You already know it means to NOT pay attention to something or someone, to ignore. Get a sense of how her emotional state affects you.

If you find her mood bothersome, unsettling, distracting, etc., and that it preoccupies your thoughts and feelings, ask yourself why that is.

When else have you felt this way?

When is the first time those feelings made their way into your awareness?

At what other time did you find your body and being negatively affected by someone else?

You might even body trace your present feelings to the very first time you remember feeling these sensations.

Now, think of how these are HER negative feelings…  and ask yourself how those feelings are somehow influencing and even directing your own feelings today.

Why is that? How is that?

How can it be that you, a separate person from her, are suddenly taking on her foul mood. I know, I know, it’s as if we are following the contagion of a yawn.

Her negative mood says jump and in response, your nervous system says, “How high?”

(See the Taming Shame course for a full dissection and strategies around this topic).

The biggest mistake a man makes in those situations is taking things personally.

He does it automatically. It’s subconscious, his nervous system putting out a hypothesis which has worked in the past… for him to evaluate and possibly adopt in the present.

The thing is, to take on her negativity, he must relegate who he is presently to a former version of himself.

In all likelihood, to a time of his life when his very existence depended on the kindness and goodwill of a powerful figure. That’s usually mom (though not always).

In those long ago moments, he may have had fear struck into the center of his heart. Let me explain.

I have two older brothers born 11 months or so apart. This makes them Irish Twins (as siblings born within 12 months of each other are known).

This is something common in Irish Catholic families. My very devoted Ma had ten pregnancies in 12 years (bless her Irish Newfie heart).

A daughter soon followed the birth of my brothers, but she died in the days after she was born. It was the 1950s, and ma blamed painting the basement stairs with lead paint during her pregnancy for losing the child.

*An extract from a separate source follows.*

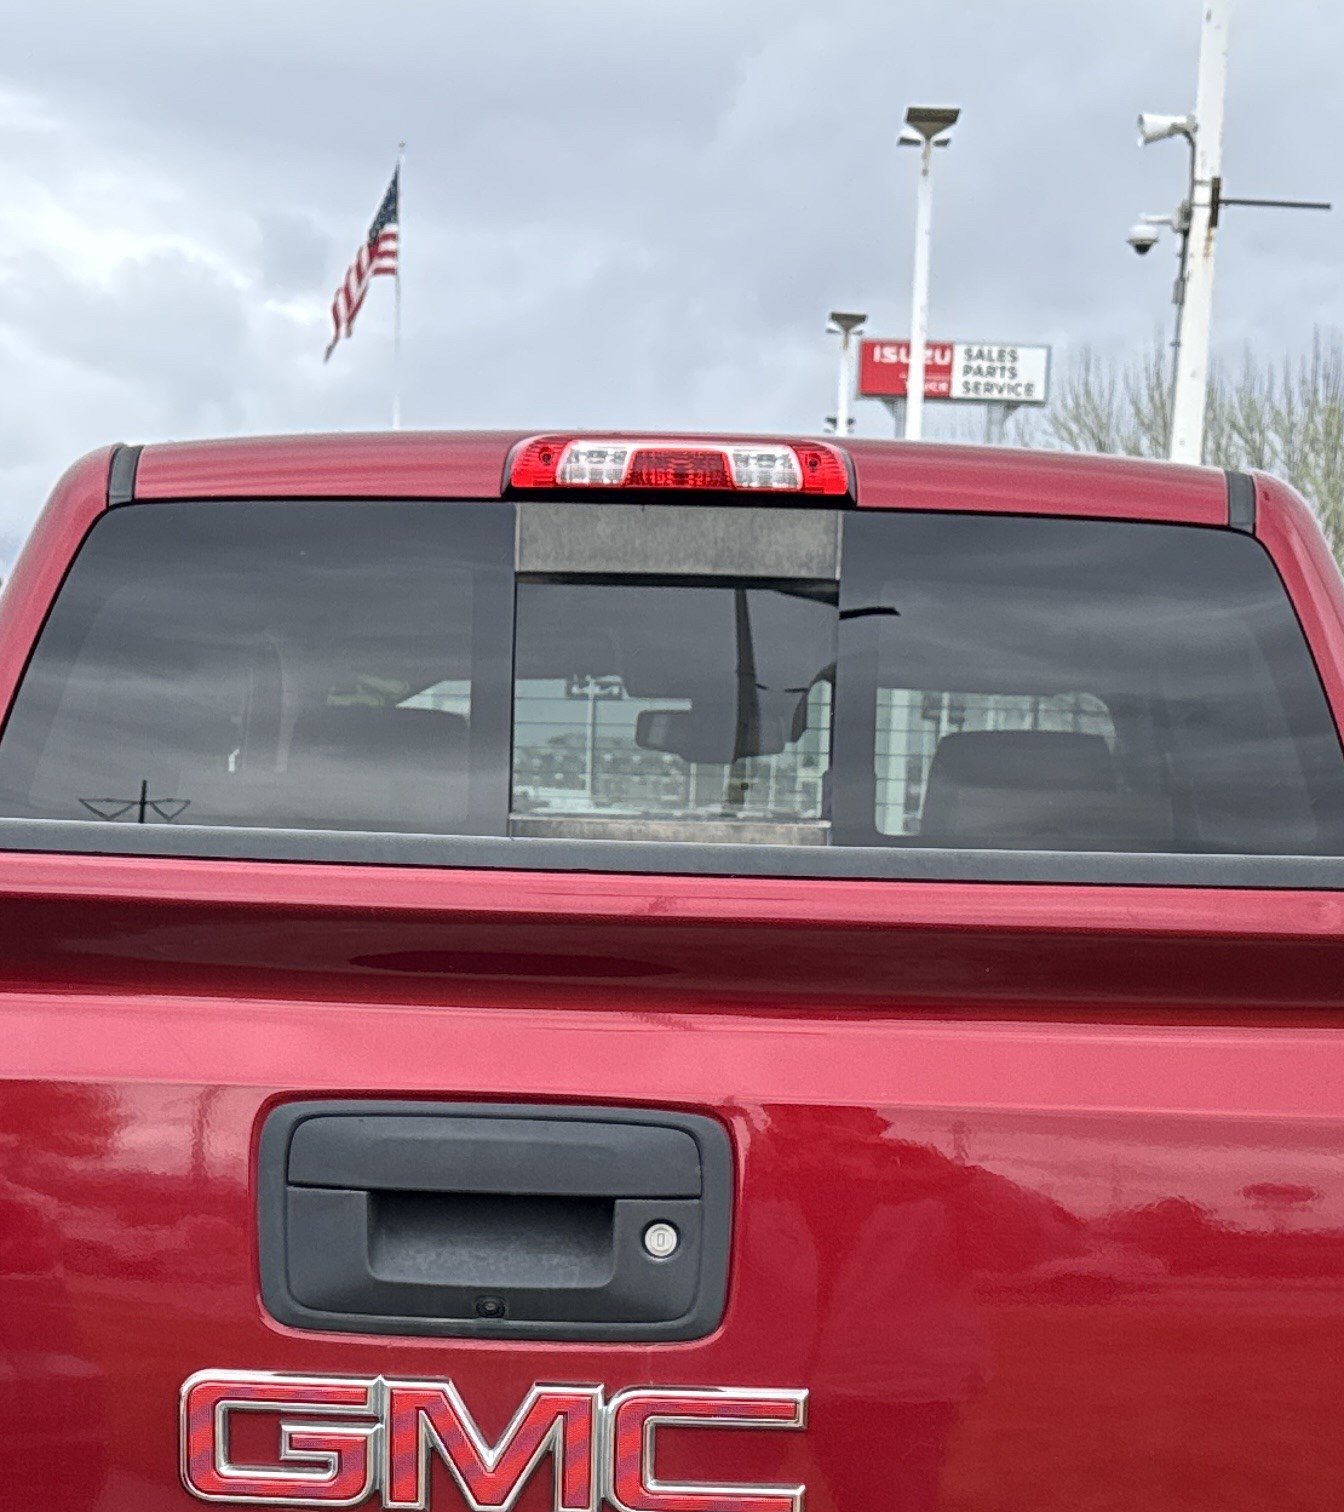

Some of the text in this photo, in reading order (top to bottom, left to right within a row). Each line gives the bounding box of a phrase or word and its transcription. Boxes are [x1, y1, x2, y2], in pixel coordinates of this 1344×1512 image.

[963, 347, 1019, 363] SALES
[962, 364, 1018, 380] PARTS
[961, 380, 1035, 397] SERVICE

I was born next: 9 pounds 10 ounces of maternal redemption.

As a youngster, I longed to be part of an older boy’s trio. In a family of eleven, you needed allies.

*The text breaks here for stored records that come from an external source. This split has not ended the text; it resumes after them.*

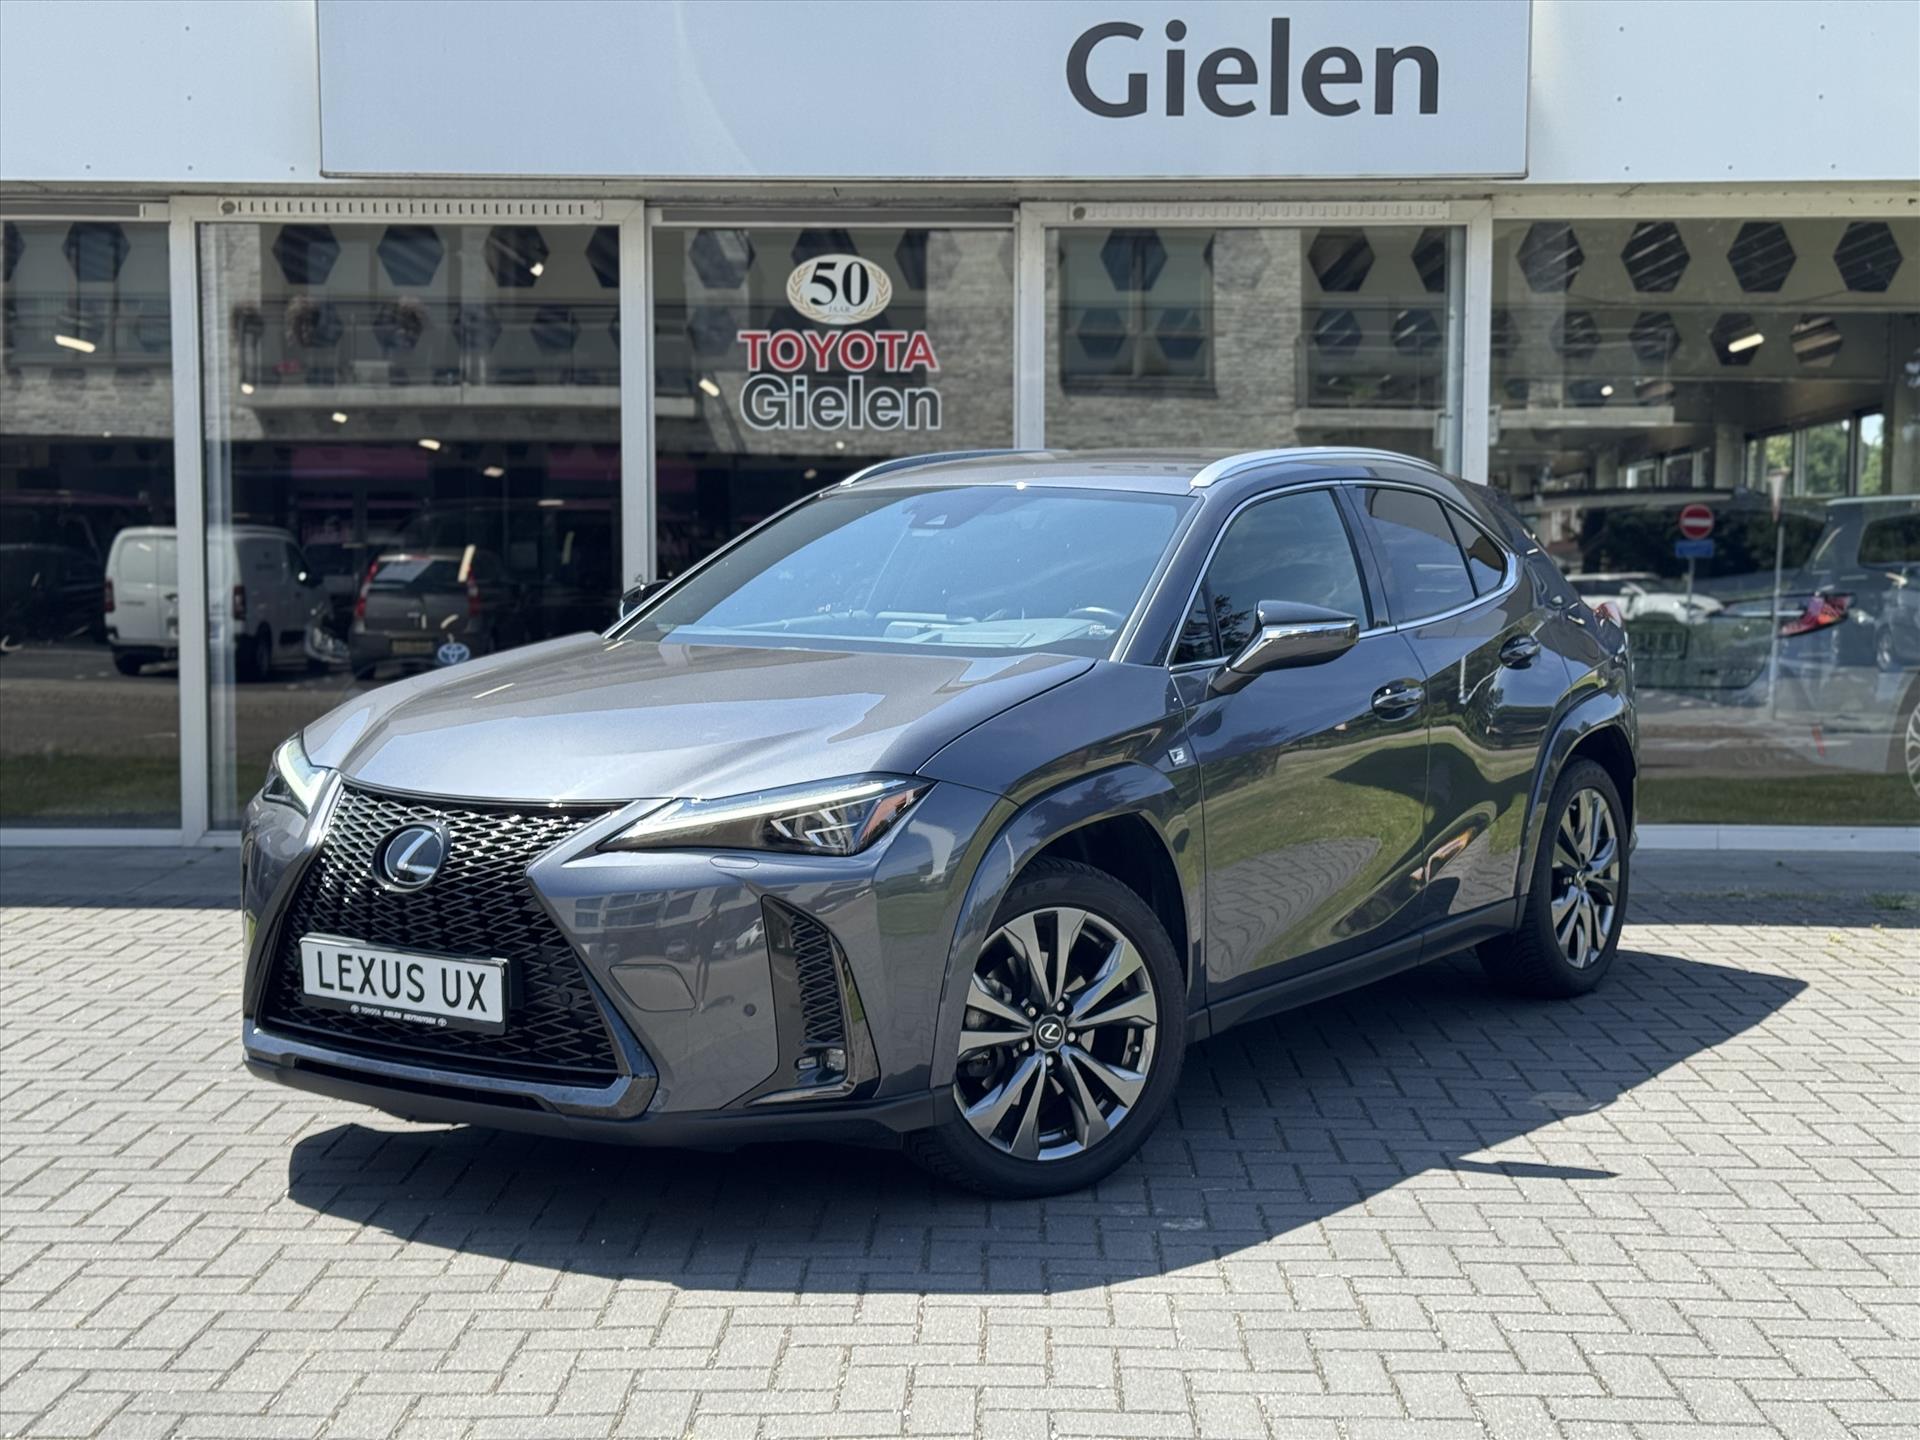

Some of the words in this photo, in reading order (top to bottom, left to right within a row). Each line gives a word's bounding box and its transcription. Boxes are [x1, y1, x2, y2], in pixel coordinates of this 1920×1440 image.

[1066, 17, 1439, 119] Gielen
[810, 261, 870, 307] 50
[738, 330, 940, 372] TOYOTA
[740, 374, 942, 430] Gielen
[317, 951, 425, 1003] LEXUS
[441, 968, 488, 1012] UX

The gap between my age and my two older brothers caused by the birth and loss of deceased sister Marie Claire (the name Ma had picked for her) made it difficult for them to take me seriously.

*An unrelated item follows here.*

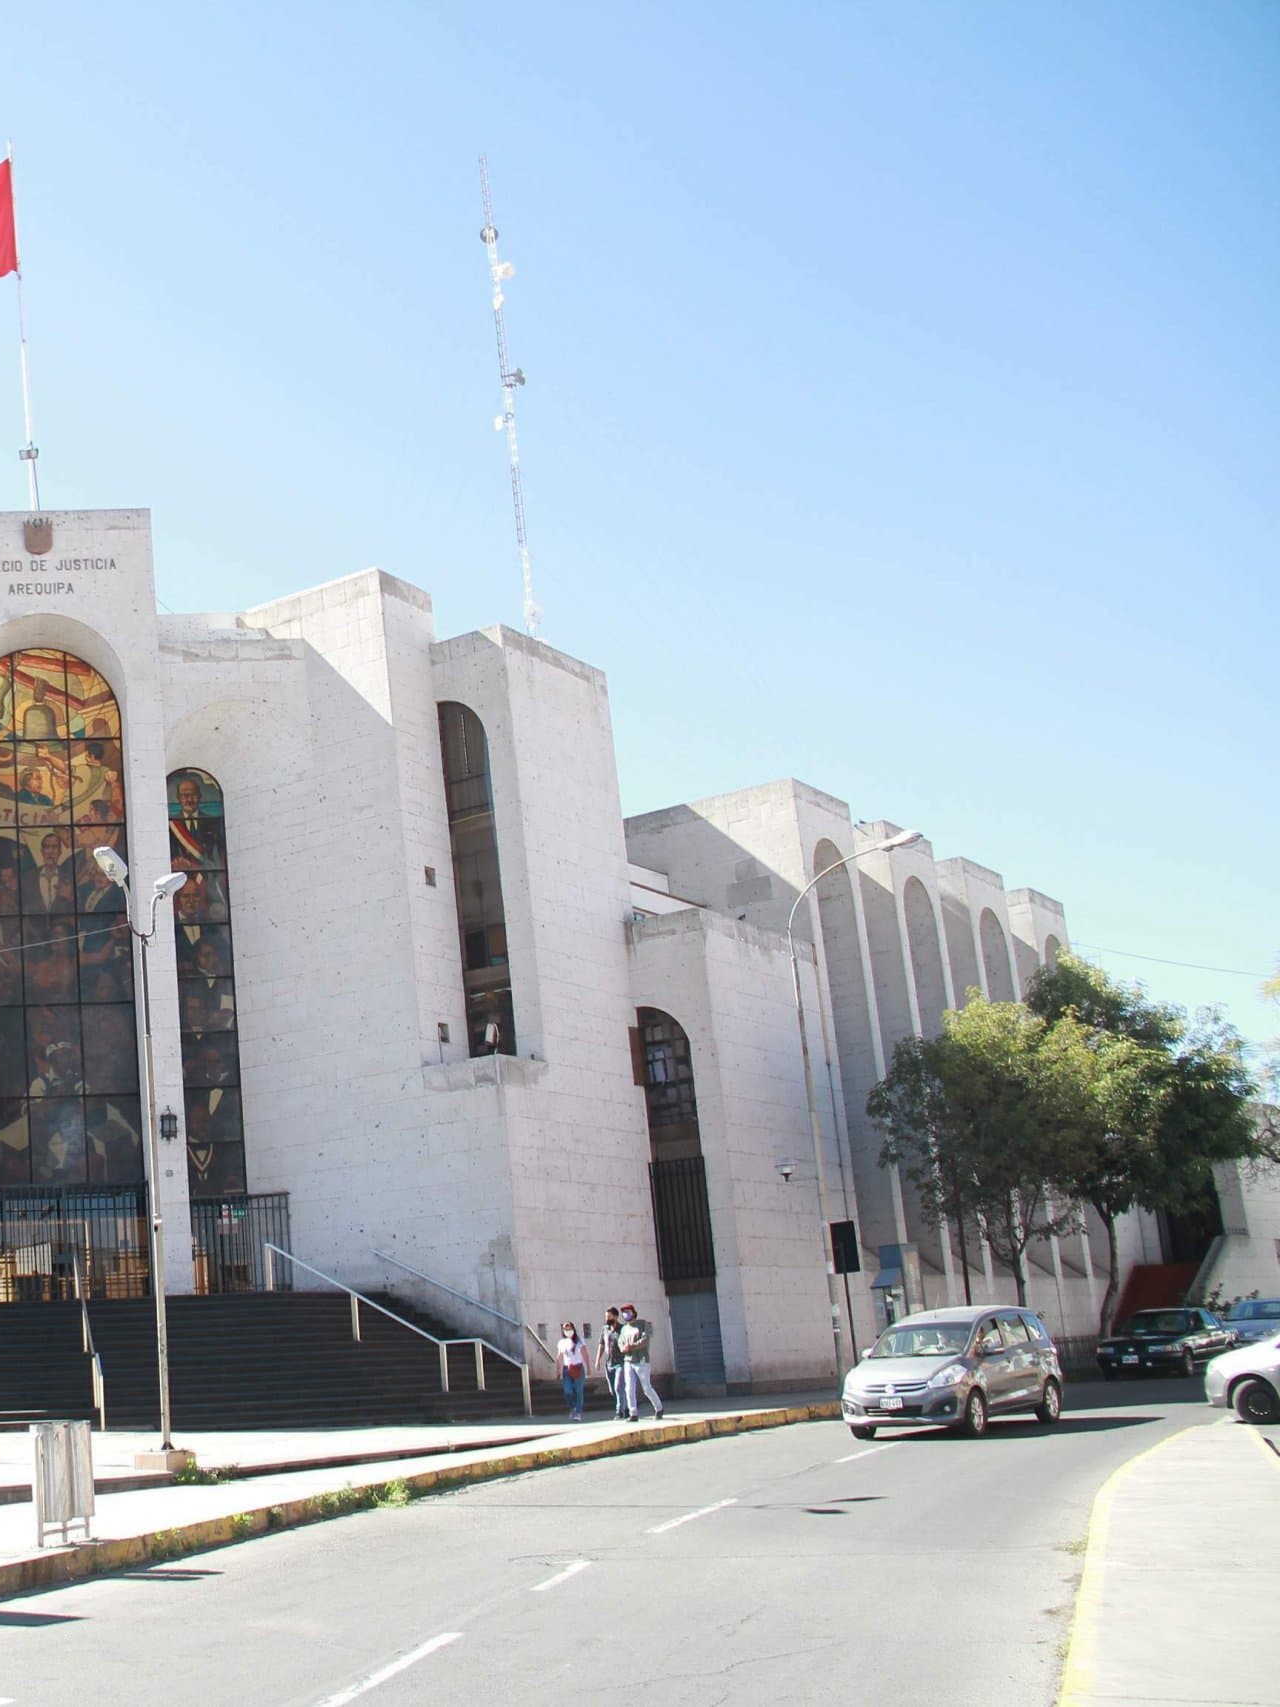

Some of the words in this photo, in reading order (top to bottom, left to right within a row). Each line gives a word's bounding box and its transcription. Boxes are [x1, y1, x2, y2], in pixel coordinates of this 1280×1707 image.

[31, 560, 47, 572] DE
[55, 558, 117, 571] JUSTICIA
[8, 583, 74, 595] AREQUIPA

I was very much the lesser brother, never fully accepted but tolerated, especially if I was useful. My brother once told me that all they had to do to get me to act on something was dare me. A double dare meant it was as good as done.

Strive as I might to belong, equality wasn’t possible. The age hierarchy was too great an influence.

Though, when it came time for punishments, an exception was made. After all, I couldn’t very well disown them after striving to be like them and so, I was often lumped in with them when things went wrong.

I remember ma would get pissed at my older brothers, Duncan and Stephen, especially the eldest, Duncan, and threaten to send us all off to a boy’s reformatory in Alfred, Ontario.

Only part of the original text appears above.